[RECORDS FOR PROCESSING]

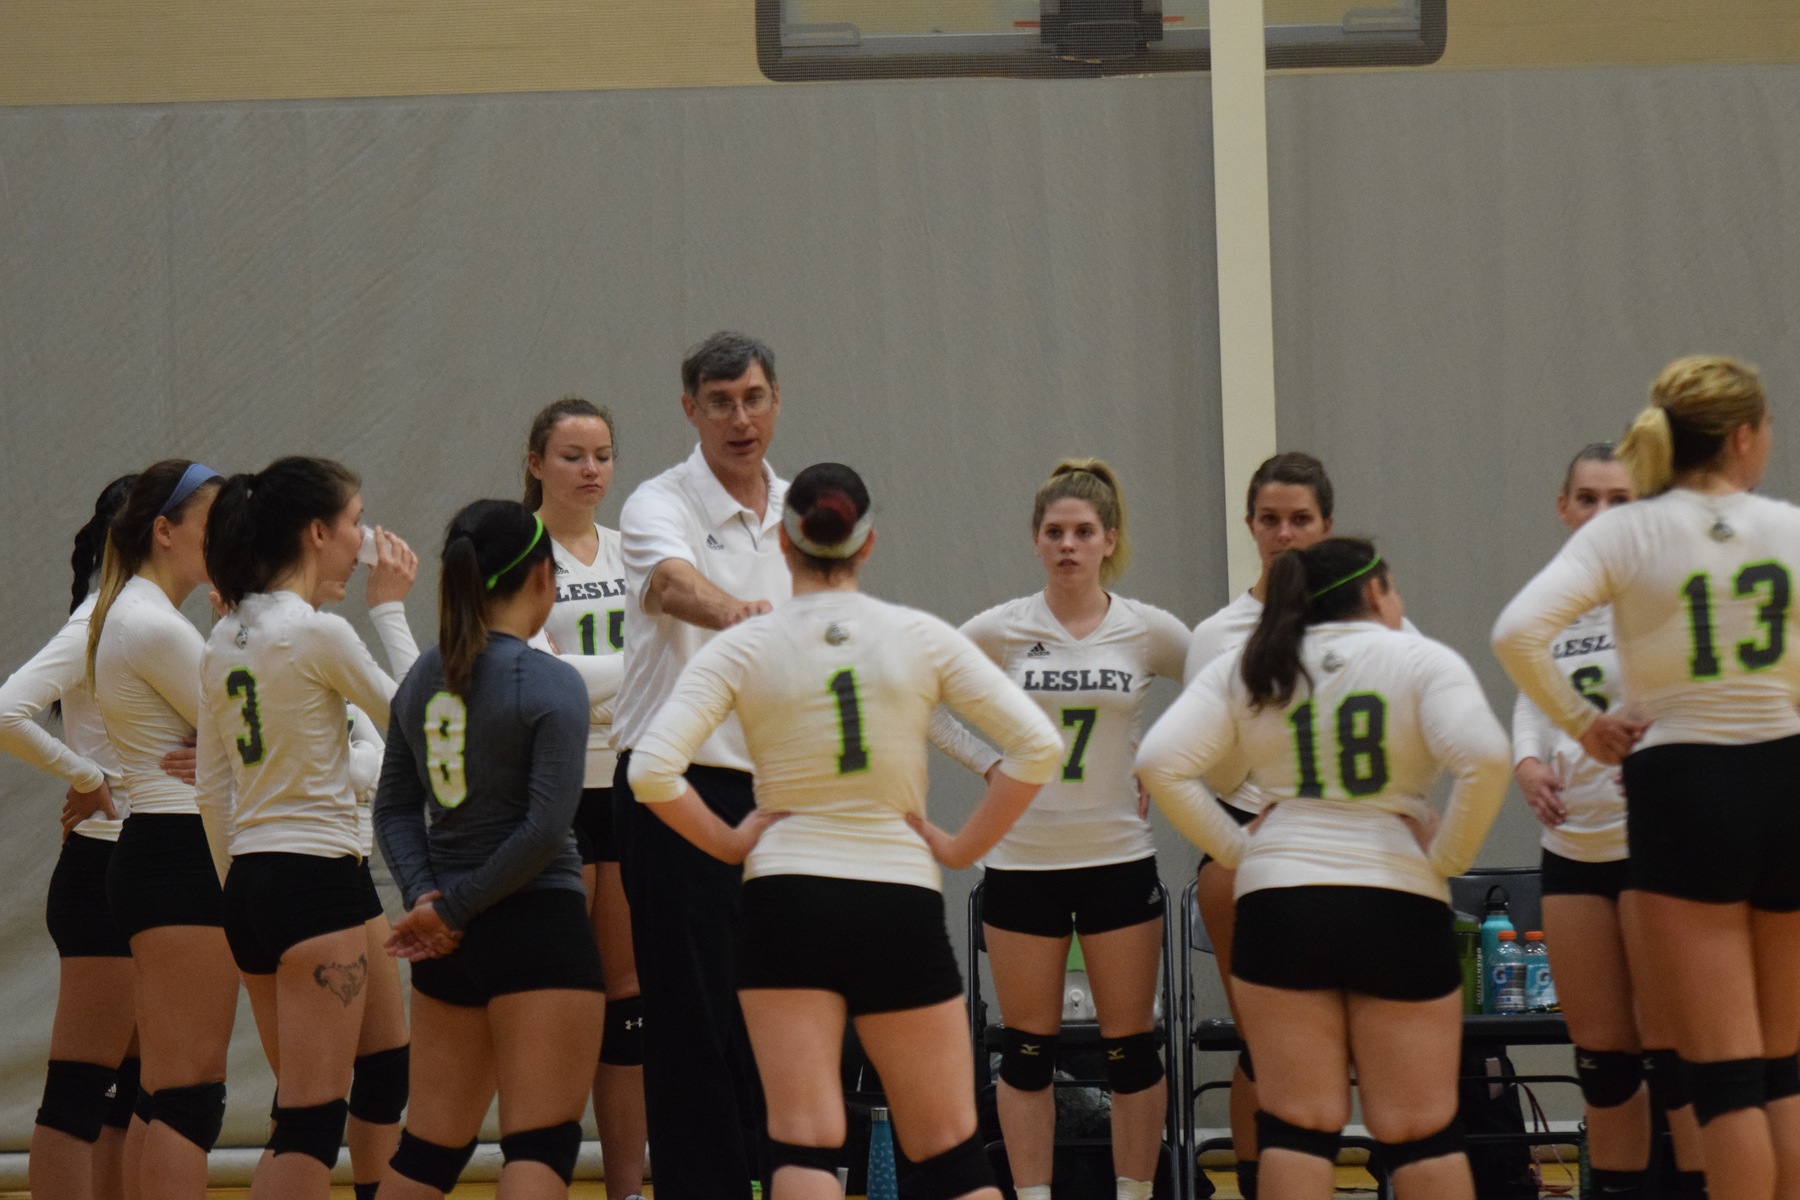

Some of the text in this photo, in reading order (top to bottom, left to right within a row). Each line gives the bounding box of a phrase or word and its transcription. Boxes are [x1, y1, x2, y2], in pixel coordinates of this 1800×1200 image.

[1681, 559, 1791, 681] 13
[225, 666, 265, 768] 3
[826, 665, 870, 777] 1
[1023, 669, 1133, 693] LESLEY
[424, 691, 467, 808] 8
[1061, 706, 1097, 783] 7
[1286, 689, 1389, 799] 18

[/RECORDS FOR PROCESSING]

PROBLEM REQUIREMENTS: Copy out all of the entries exactly as they stand, with no pictures in your copy.

ANSWER SPACE:
Some of the text in this photo, in reading order (top to bottom, left to right within a row). Each line gives the bounding box of a phrase or word and its transcription. Boxes are [x1, y1, x2, y2], in pixel coordinates of this 1800×1200 image.

[1681, 559, 1791, 681] 13
[225, 666, 265, 768] 3
[826, 665, 870, 777] 1
[1023, 669, 1133, 693] LESLEY
[424, 691, 467, 808] 8
[1061, 706, 1097, 783] 7
[1286, 689, 1389, 799] 18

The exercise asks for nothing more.